1011 Parkside Commons, Unit 101, Greensboro, GA 30642

Front Desk: (706) 454-1210

Lake Oconee Pediatrics

SINCE 2006 | THE LAKE AREA'S 24-HOUR PEDIATRICIAN

ECZEMA / ATOPIC DERMATITIS

BATHING

  • It is okay to bathe every day.  The water from a bath is good for the skin. The soap used when bathing, however, will make eczema a lot worse. 
  • Do not put soaps, like Johnson & Johnson washes, in the tub water.  Let the child play and bathe in plain tub water for the first 10 minutes.  Then take a gentle soap, like Dove or Lever 2000, rub it on a face cloth, and use that to bath only the “dirtier” areas of the body (i.e. the underarms, groin, etc).
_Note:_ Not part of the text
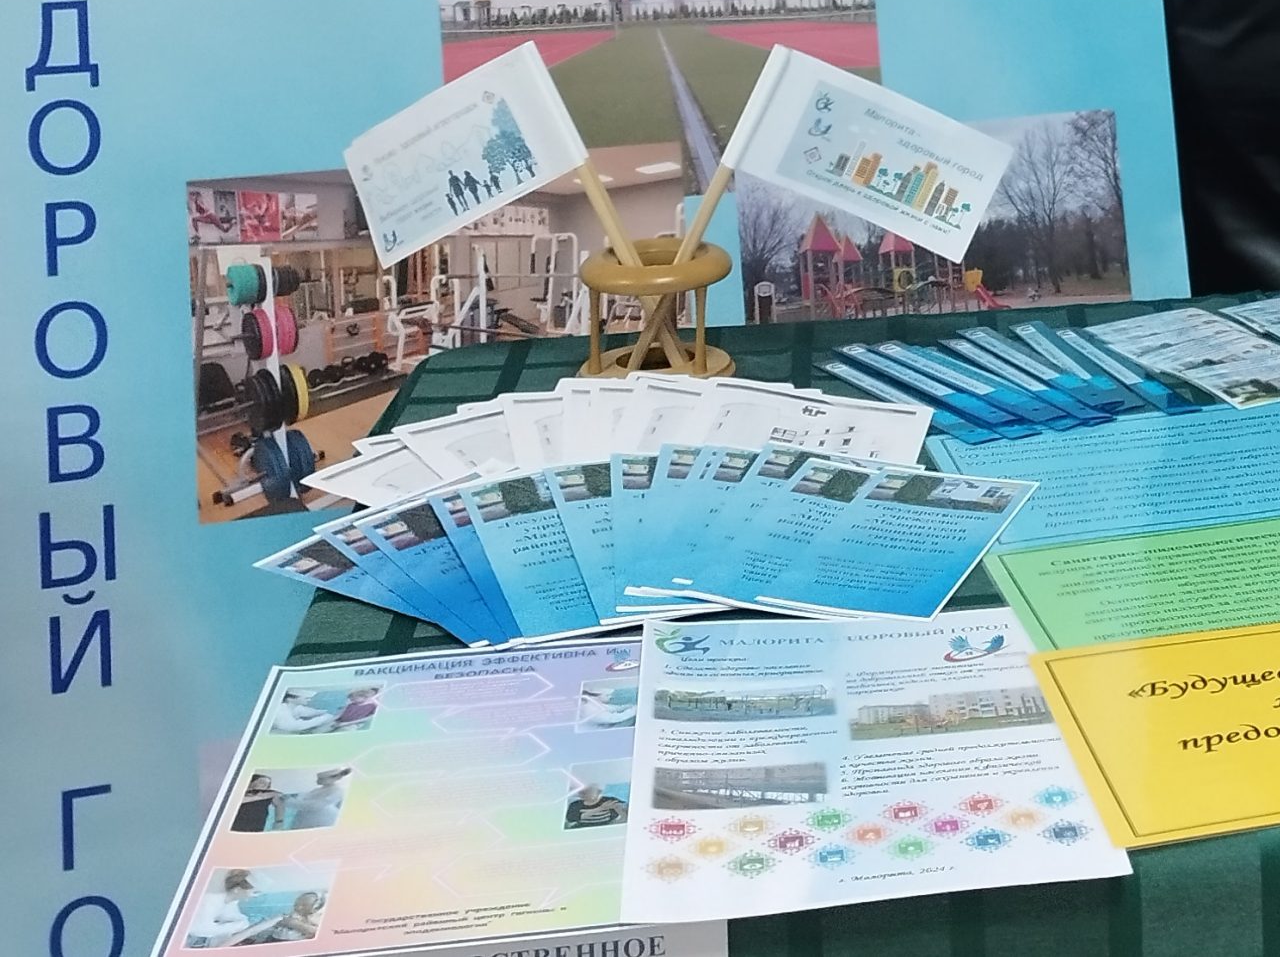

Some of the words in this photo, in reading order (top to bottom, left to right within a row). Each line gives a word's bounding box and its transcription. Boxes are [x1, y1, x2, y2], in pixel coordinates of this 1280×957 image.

Rinse the soapy areas with clean water and get the child out of the bath  immediately. 
  • Areas that are most affected by eczema, like the inside of the elbows and behind the knees, don’t usually get that dirty, and don’t need soap to get clean. 
  • Once out of the bath, pat dry and moisturize the rashy areas immediately with a good greasy moisturizer, like Aquaphor or plain old Vaseline.
     

MOISTURIZING

  • In general, the greasier the moisturizer, the better. 
  • Ointments work better than creams, which work better than lotions.  Many lotions contain perfumes, dyes, and alcohol which can worsen eczema.  Even if they say “alcohol free”, most lotions have other chemicals that can dry out your skin.
  • Moisturize as often as you can remember and always after bathing.    
     

ITCHING

  • The more scratching that is done, the worse the eczema rash becomes. 
  • Benadryl, Claritin, or prescription antihistamines may be used to help with itching.  These medicines may make the child sleepy so are best used at bedtime. 
  • Cut, then file the child’s nails so scratching does not damage the skin as much.  Long pajamas with long sleeves are also useful to prevent scratching during sleep.  
     

MEDICATIONS FOR ECZEMA  

  • Always talk to our staff before deciding to use any topical medicines for eczema. 
  • Topical steroids are one of the types of drugs used for eczema that doesn’t improve with good skin care.  The word “steroid” may be scary, but these steroids are safe as long as they are not used over very large areas, and are not used for too long.  A steroid should not be used for more than 2 weeks on a single area.  
  • Over-the-counter topical steroids:  Hydrocortisone 1% cream is useful for mild eczema.  It’s safe to use up to 4 times daily for up to 2 weeks on small areas.  
  • Prescription-strength steroids:  Our favorite is Westcort ointment, a stronger version of hydrocortisone.  It can be used two to three times daily.
  • Elidel:  A prescription cream that may be used twice daily, as a replacement for or in addition to topical steroids.  This medicine should be saved that for those cases that don’t respond to steroids.